I've been reading quite a bit of fantasy lately. The First Law Trilogy by Joe Abercrombie; Great series. Funny, savage, and no happy endings. Awesome stuff, really looking forward to more by this guy. Pretty sure I grabbed these books on a recommendation from here.


Be sure to check out his stand alones Best Served Cold and The Heroes (published this winter) for more glimpses into Abercrombie's twisted mind. Some secondary characters from the trilogy take the center stage in them, while you also get cameos from some majors. They take place a few years down the line so you also get to see a bit of the world's evolution (or lack of it). Best Served Cold also features an awesome and seldom-used type of character - a master poisoner.

The Name of the Wind by Patrick Rothfuss. Great first novel of an infamous mages biography. retty cliche stuff, but it's done very well. Looking forward to the next installment.


The sequel will be published shortly as the entire manuscript is already handed in.
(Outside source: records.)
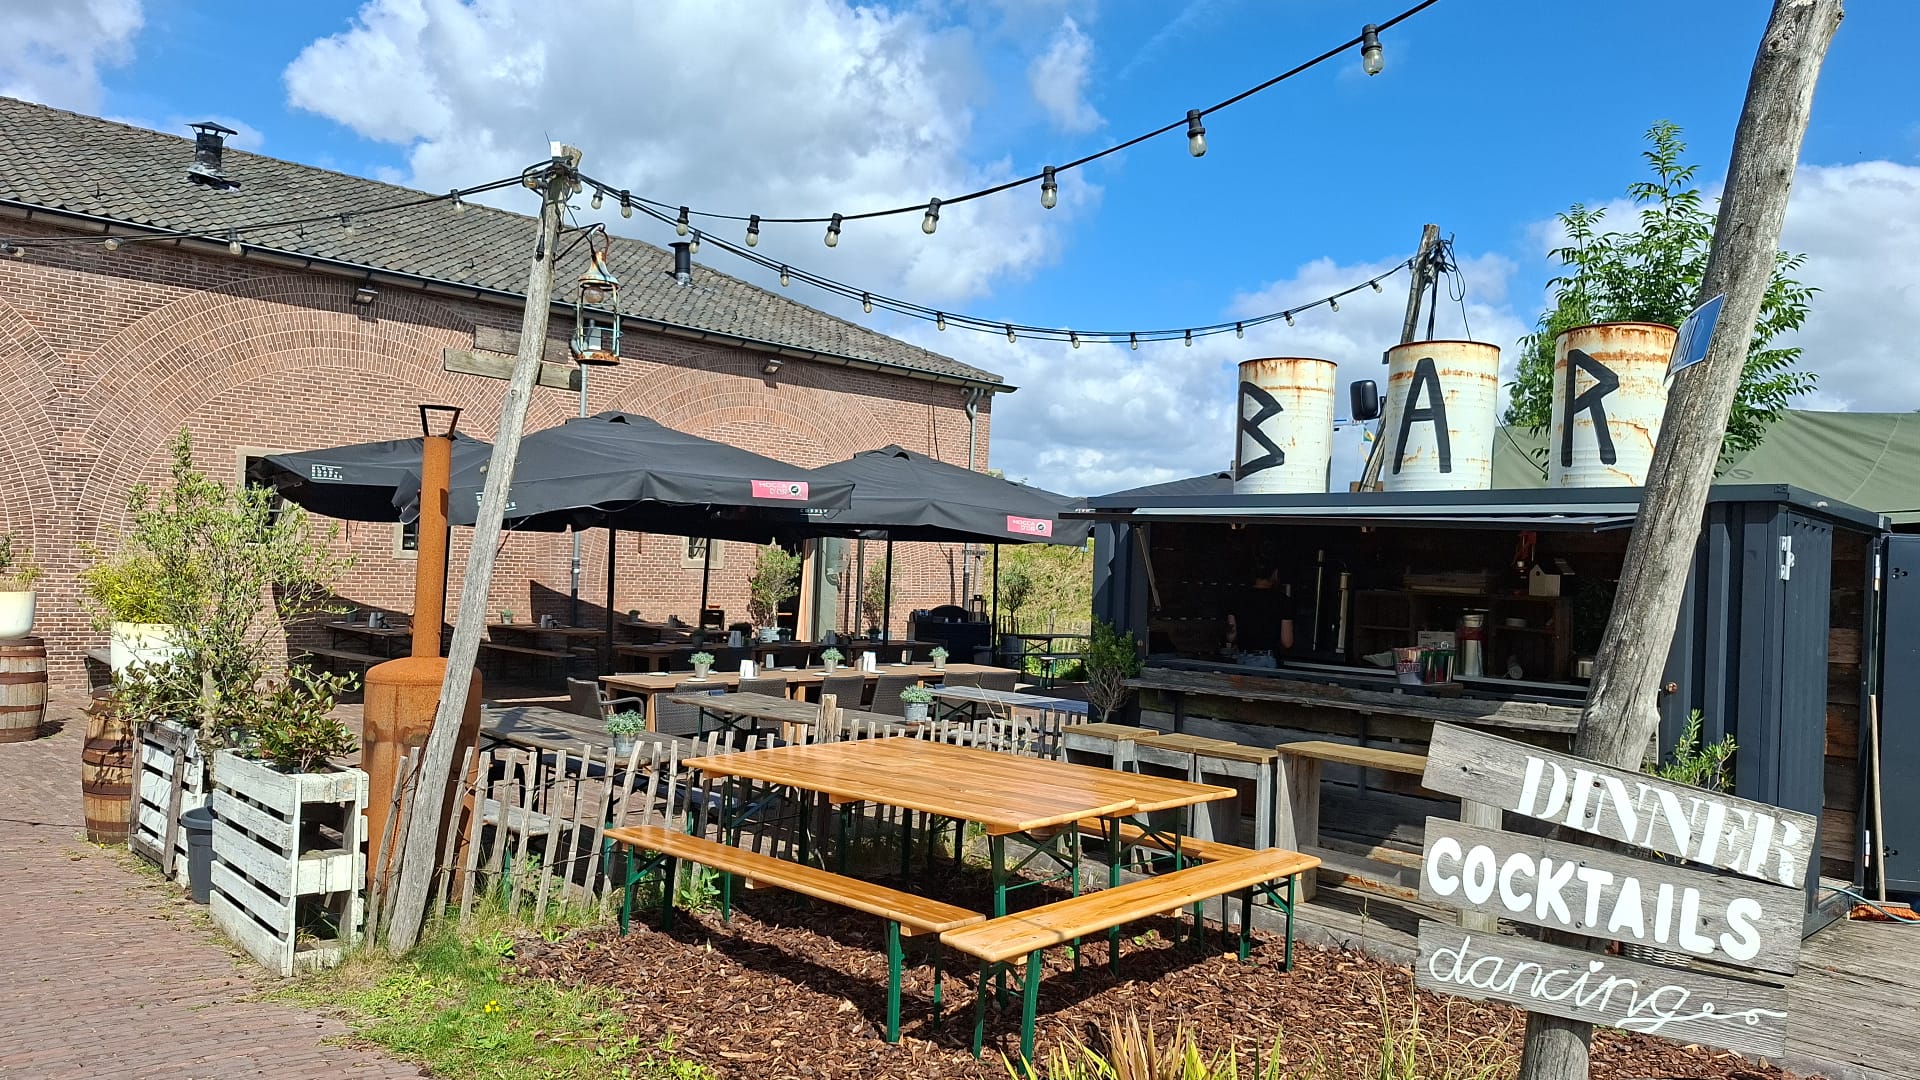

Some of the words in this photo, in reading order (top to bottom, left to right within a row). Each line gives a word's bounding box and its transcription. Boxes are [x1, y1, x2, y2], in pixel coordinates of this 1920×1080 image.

[1513, 755, 1804, 888] DINNER
[1426, 836, 1763, 961] COCKTAILS
[1428, 936, 1787, 1034] dancing
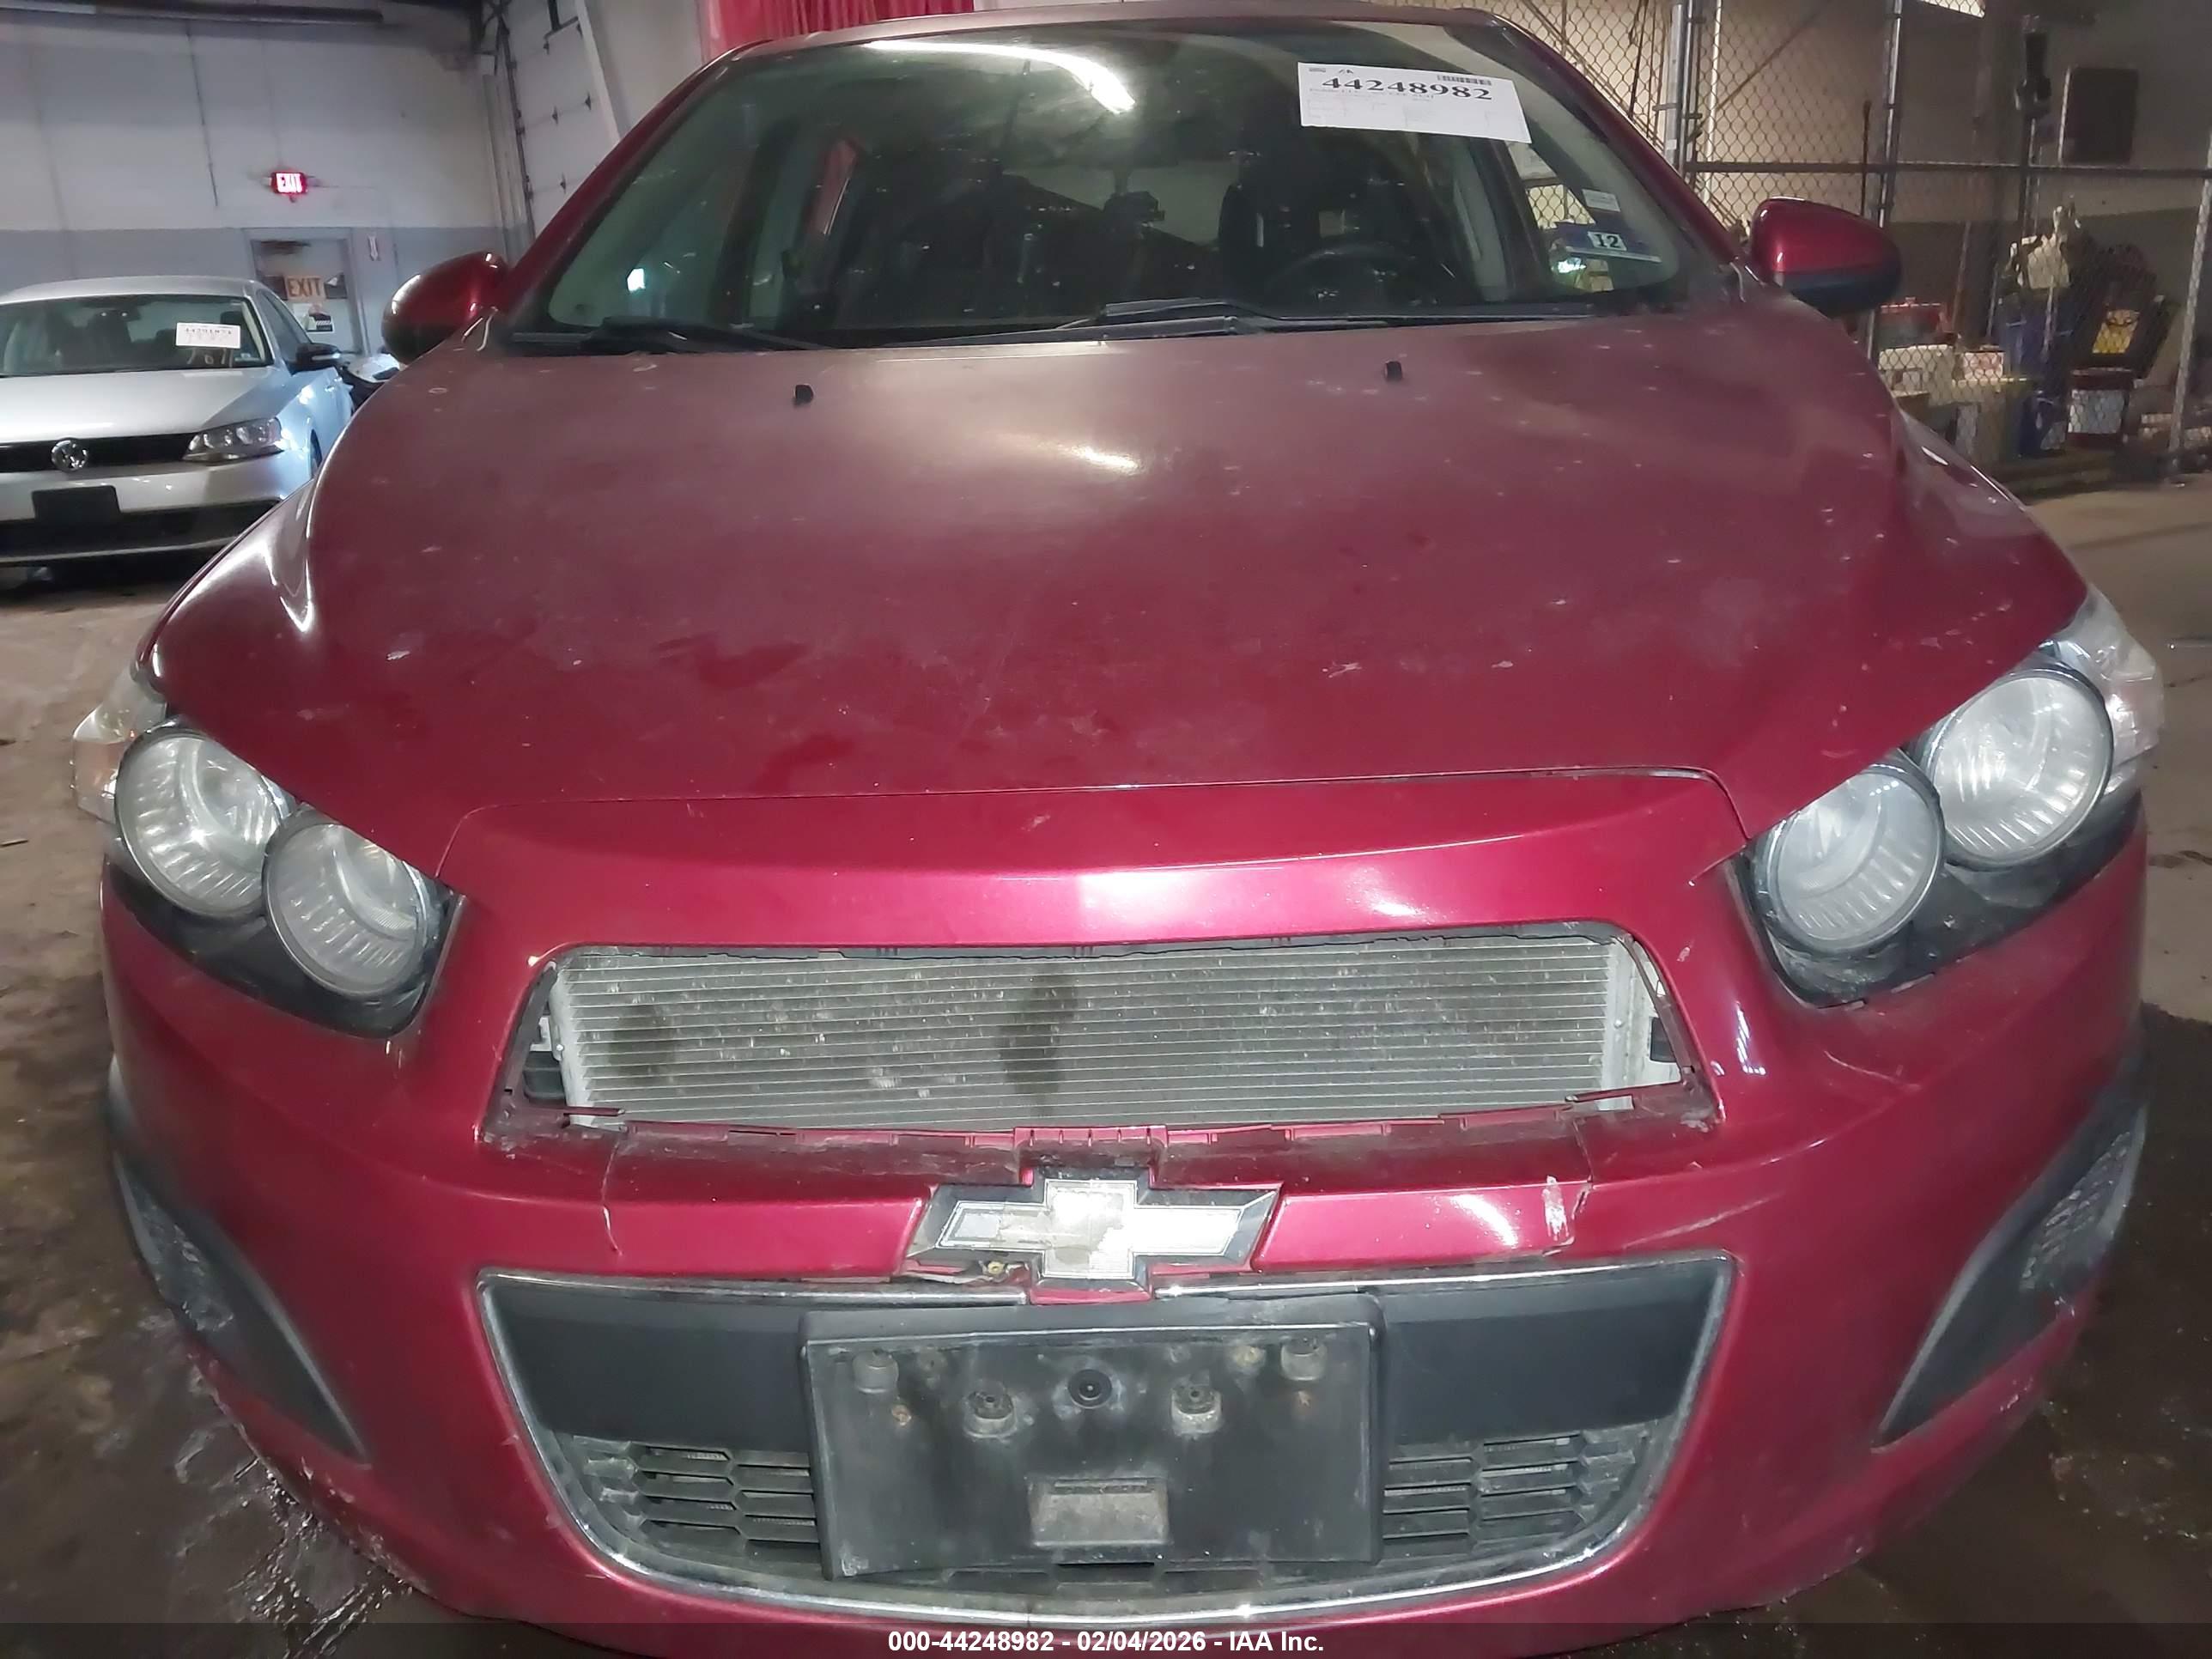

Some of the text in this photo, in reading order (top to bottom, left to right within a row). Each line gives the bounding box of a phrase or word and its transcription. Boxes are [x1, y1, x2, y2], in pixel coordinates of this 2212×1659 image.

[1322, 77, 1492, 100] 44248982
[276, 173, 302, 193] EXIT
[1595, 234, 1621, 248] 12
[288, 277, 321, 297] EXIT
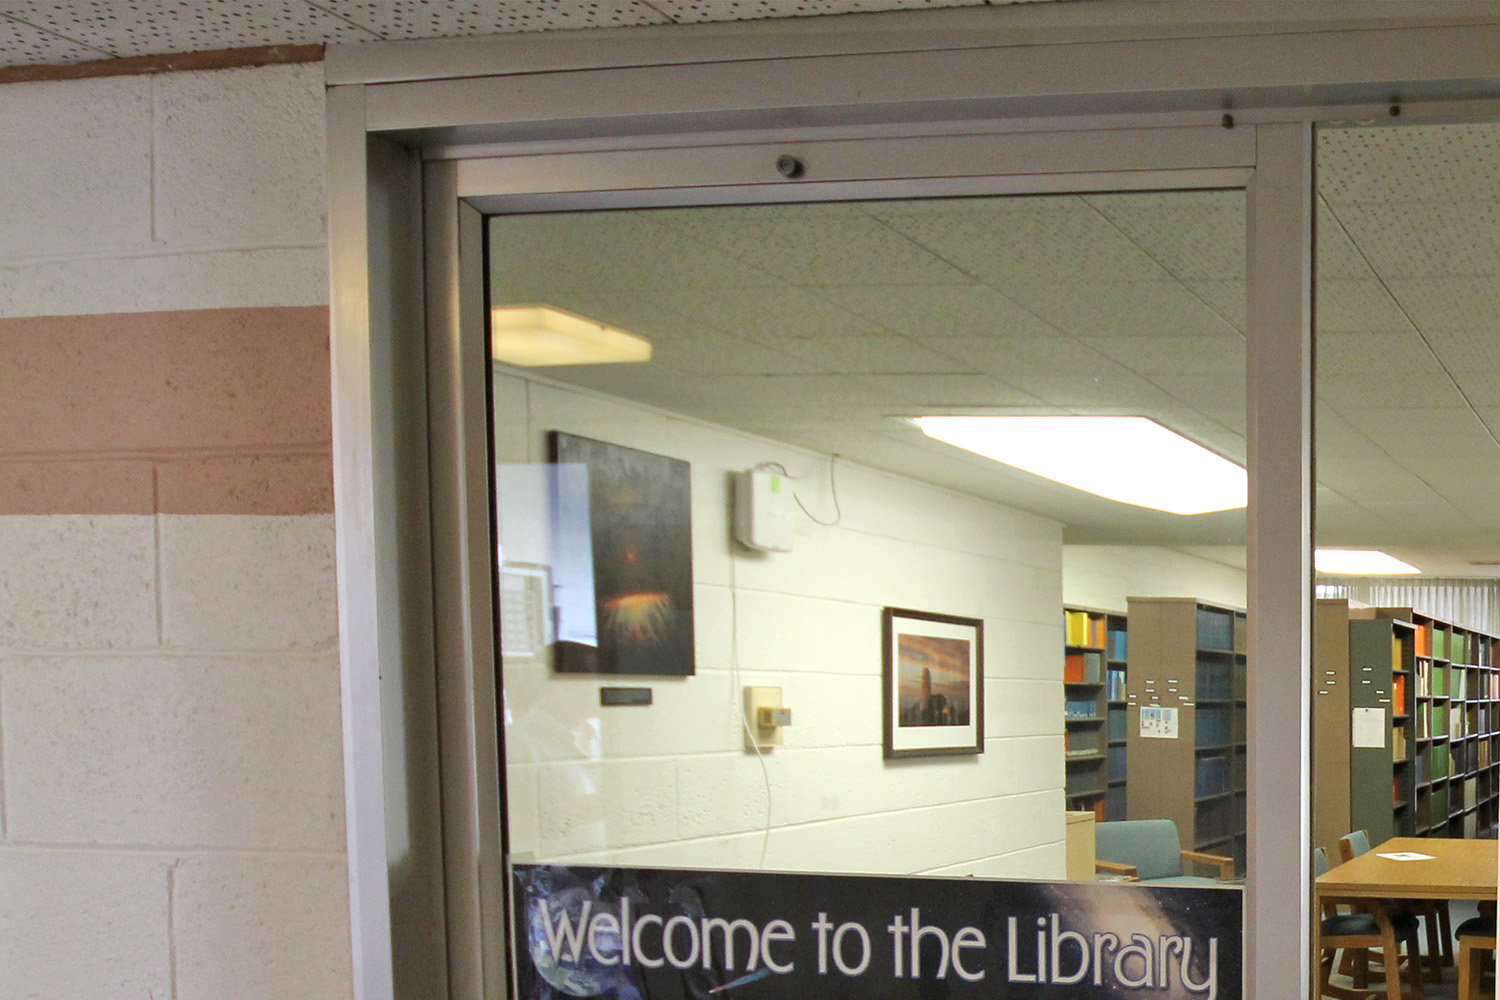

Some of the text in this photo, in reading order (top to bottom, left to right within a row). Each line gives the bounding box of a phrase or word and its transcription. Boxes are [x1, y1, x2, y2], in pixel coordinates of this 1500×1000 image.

[536, 896, 796, 974] Welcome
[811, 911, 872, 977] to
[887, 907, 986, 981] the
Some of it we might have seen before, but Rothfuss is a talented wordsmith and his story is more about the deconstruction of the hero myth than anything else. I like the "present" parts of the story, where the now-shunned recluse hero tells his tale of how he became what he now is.

Gardens of the Moon; volume one of Malazan Book of the Fallen. This is an epic series in process, and it shows in this 1st volume as it feels like a 700 page setup or primer. Pretty entertaining though.


This is probably the most ambitious and wide in scope series out there. The tenth and final book (although he signed deals for two more trilogies in the world, along with his novellas and his colleague Ian C. Esslemont's additional novels) will be published soon this winter. Pretty deep and far-reaching world history and it's great entertainment. Everything is in shades of grey as you can't really tell that there are good or bad guys in here, despite the numerous factions/countries/empires/etc. Lots of things become clearer as you continue reading. Some really epic and tragic moments that keep on shining in my mind several years later. Erikson really comes into his own with books 2 and 3.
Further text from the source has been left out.